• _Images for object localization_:
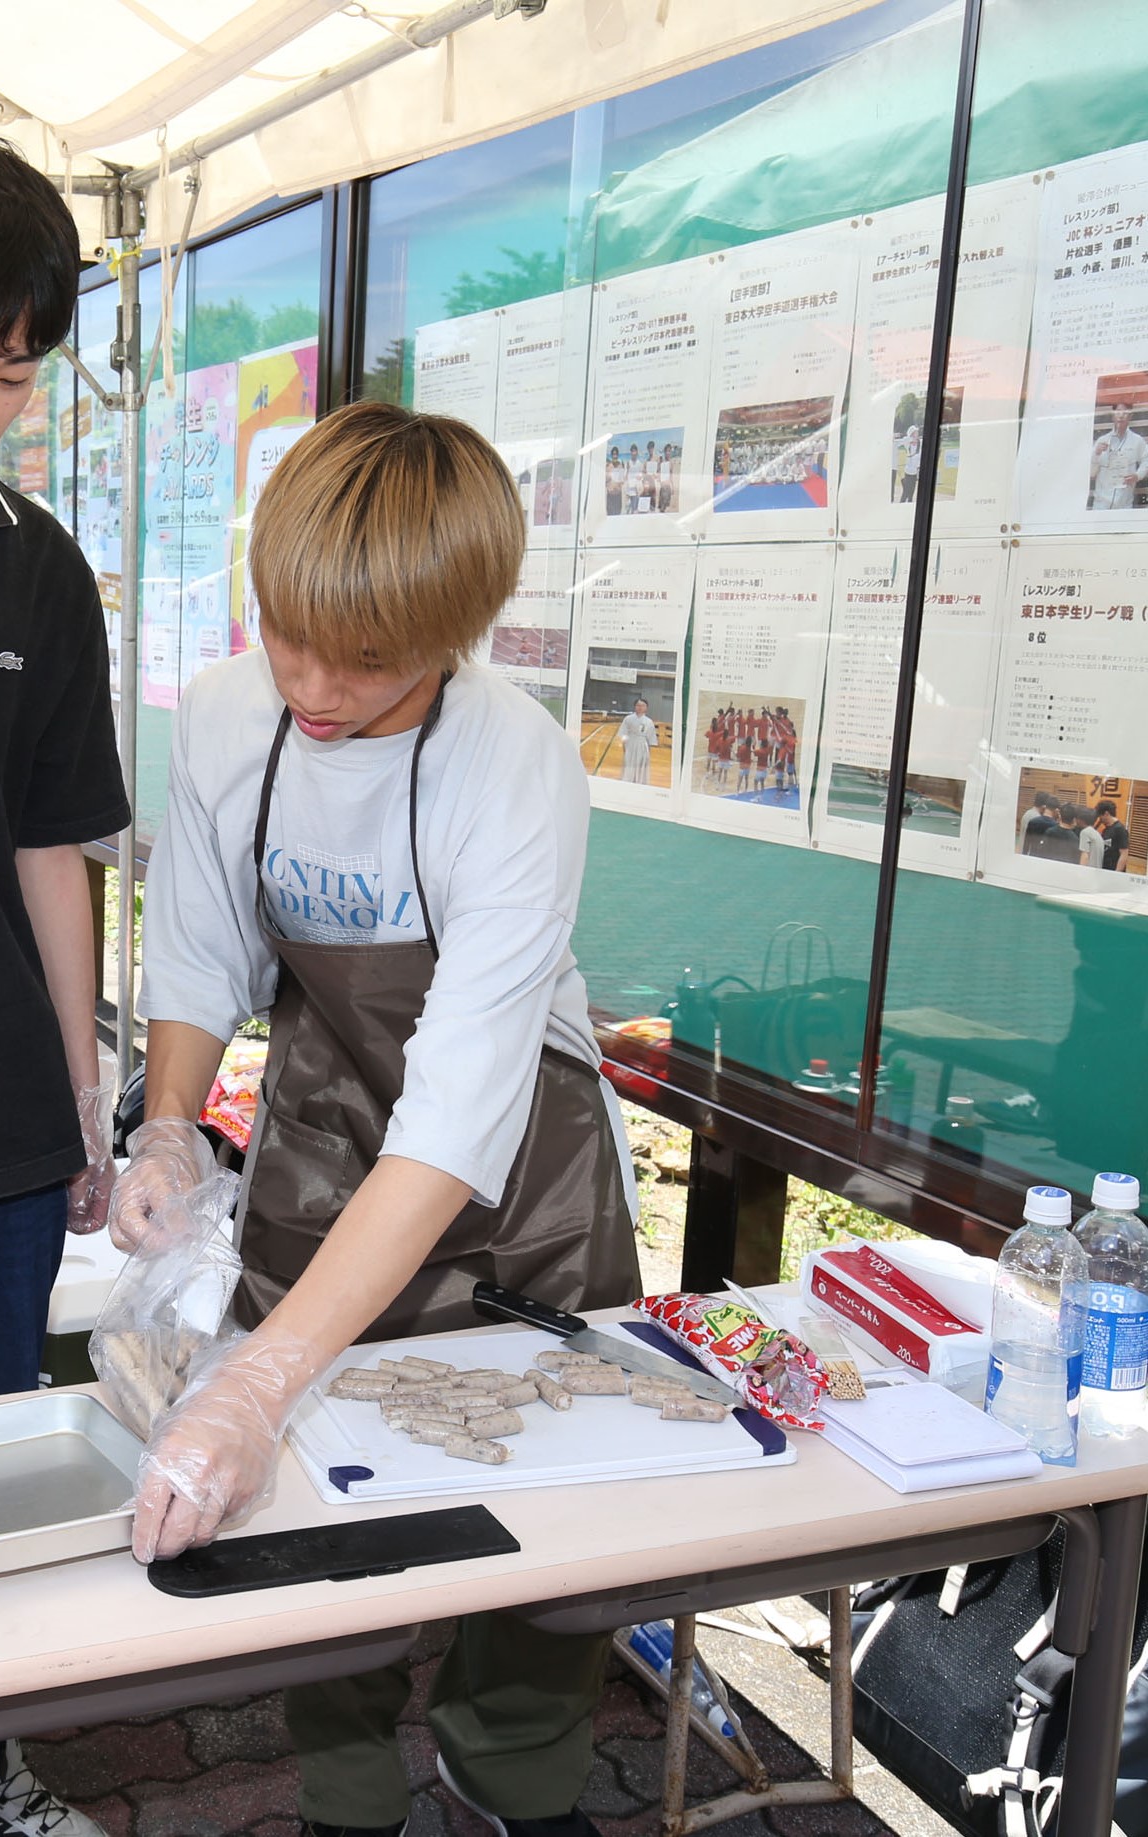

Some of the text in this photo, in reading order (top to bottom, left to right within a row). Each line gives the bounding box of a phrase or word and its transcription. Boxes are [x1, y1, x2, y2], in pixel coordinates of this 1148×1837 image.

[1083, 213, 1148, 240] 杯ジュニアオ
[1022, 584, 1082, 598] 【レスリング部】
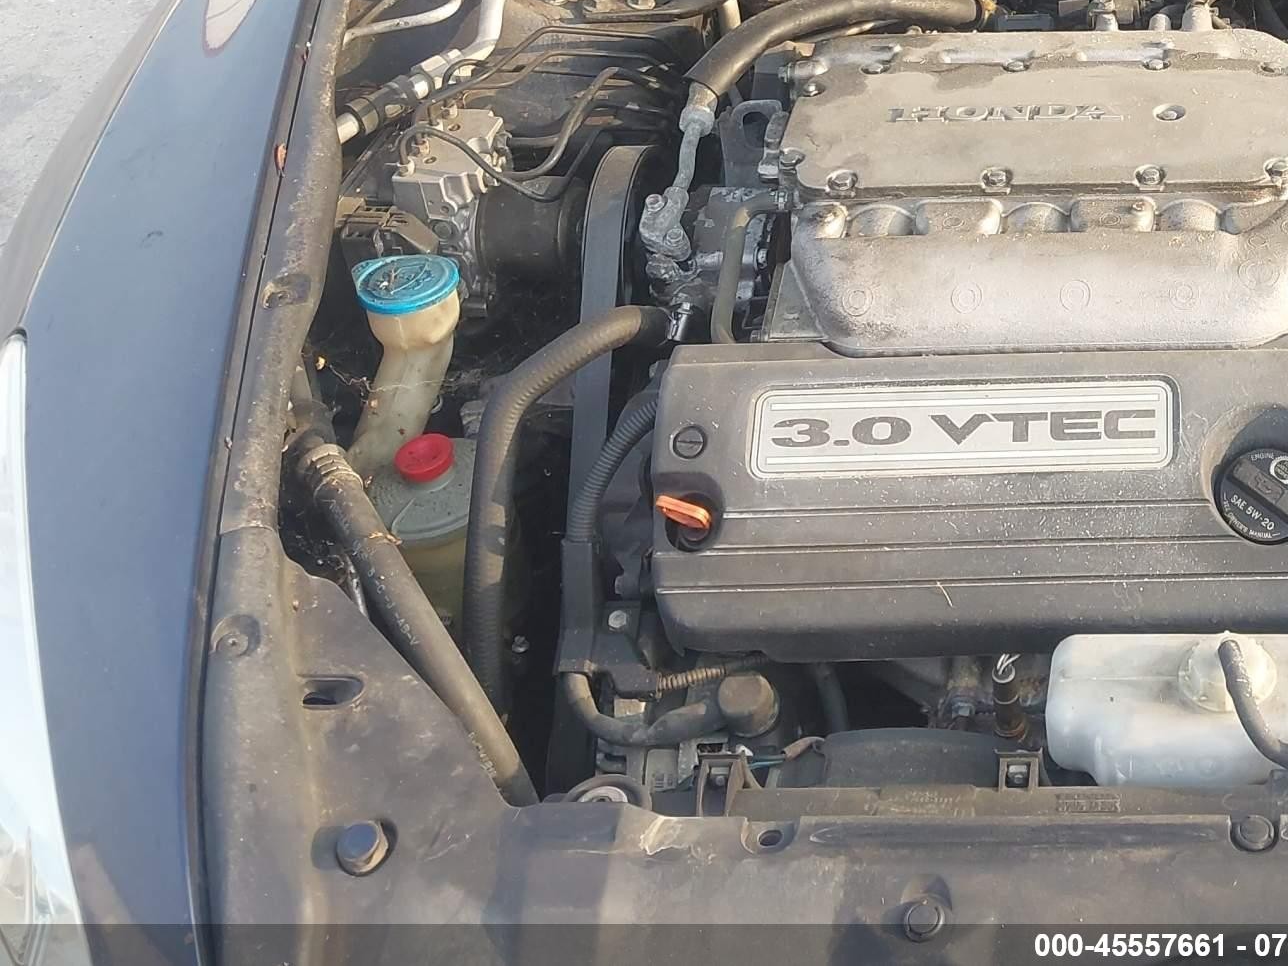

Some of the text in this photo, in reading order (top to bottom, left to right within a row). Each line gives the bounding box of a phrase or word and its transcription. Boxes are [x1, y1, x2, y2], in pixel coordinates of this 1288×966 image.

[886, 104, 1124, 123] HONDA
[771, 409, 1156, 447] 3.0 VTEC
[1251, 452, 1275, 461] ENGINE
[1231, 494, 1275, 531] SAE 5W-20
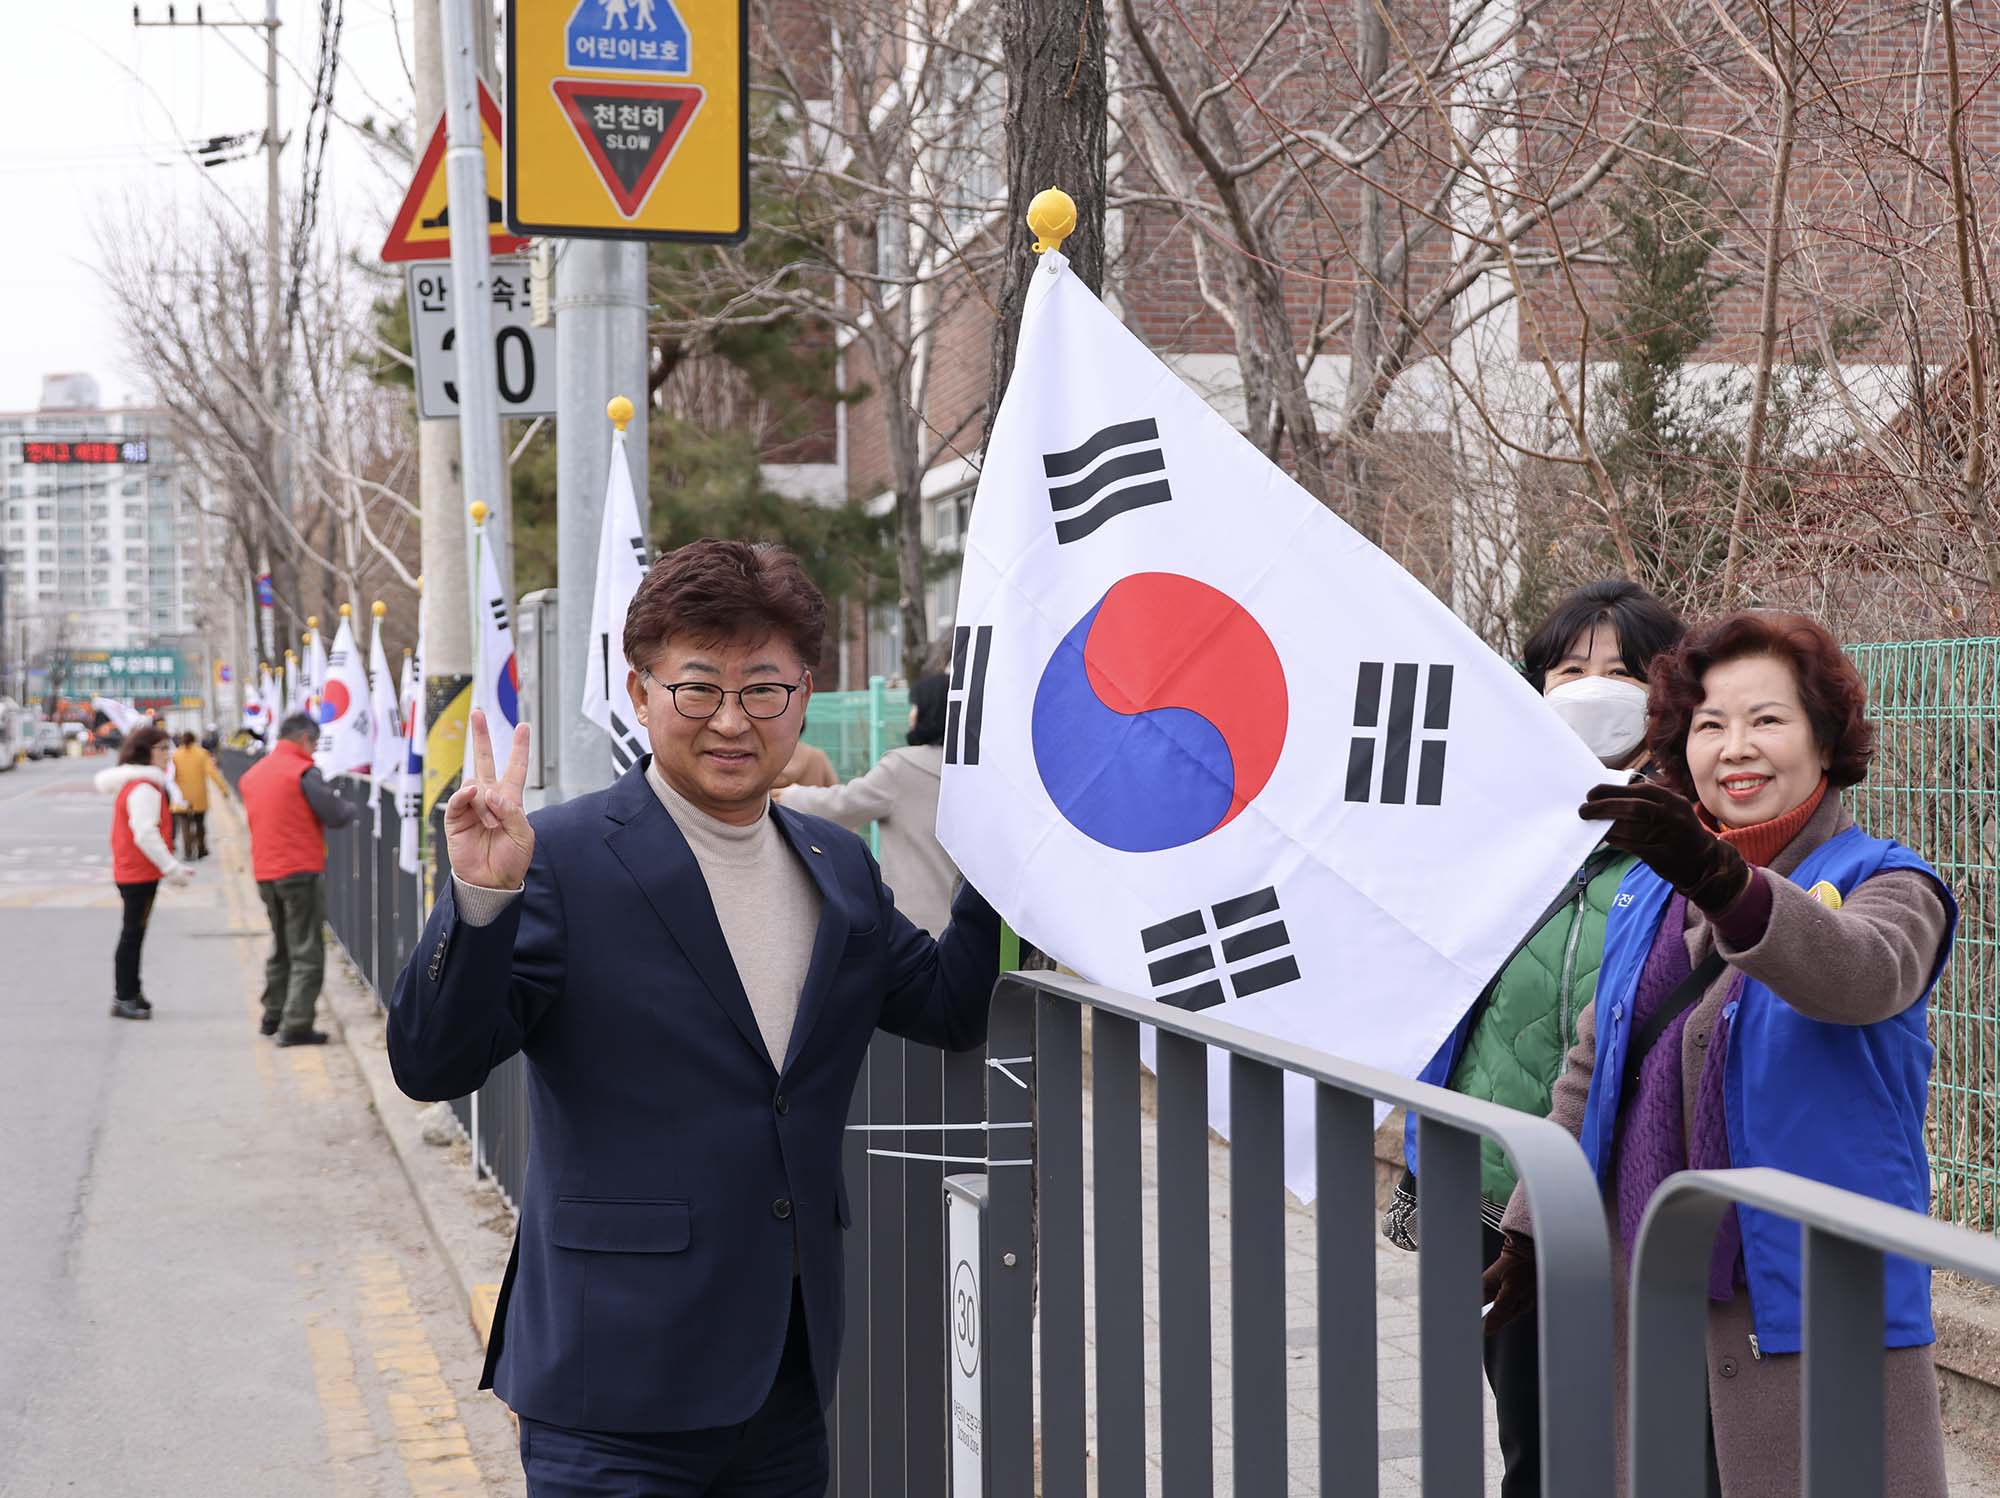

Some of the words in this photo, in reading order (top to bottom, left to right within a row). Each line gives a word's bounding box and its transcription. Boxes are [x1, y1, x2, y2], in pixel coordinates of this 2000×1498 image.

[575, 35, 681, 62] 어린이보호
[593, 104, 665, 132] 천천히
[606, 134, 651, 151] SLOW
[957, 1289, 975, 1348] 30

• _THE TASK_:
With the pictures left out, copy exactly the lines above from the line containing "this 1288×966 image." through the last line of the entries.

• _ANSWER TO THIS EXERCISE_:
Some of the text in this photo, in reading order (top to bottom, left to right within a row). Each line gives the bounding box of a phrase or word and its transcription. Boxes are [x1, y1, x2, y2], in pixel coordinates of this 1288×966 image.

[886, 104, 1124, 123] HONDA
[771, 409, 1156, 447] 3.0 VTEC
[1251, 452, 1275, 461] ENGINE
[1231, 494, 1275, 531] SAE 5W-20

Some of the words in this photo, in reading order (top to bottom, left to right within a row). Each line gives a word's bounding box and its transcription. Boxes are [x1, y1, x2, y2], in pixel coordinates of this 2000×1498 image.

[575, 35, 681, 62] 어린이보호
[593, 104, 665, 132] 천천히
[606, 134, 651, 151] SLOW
[957, 1289, 975, 1348] 30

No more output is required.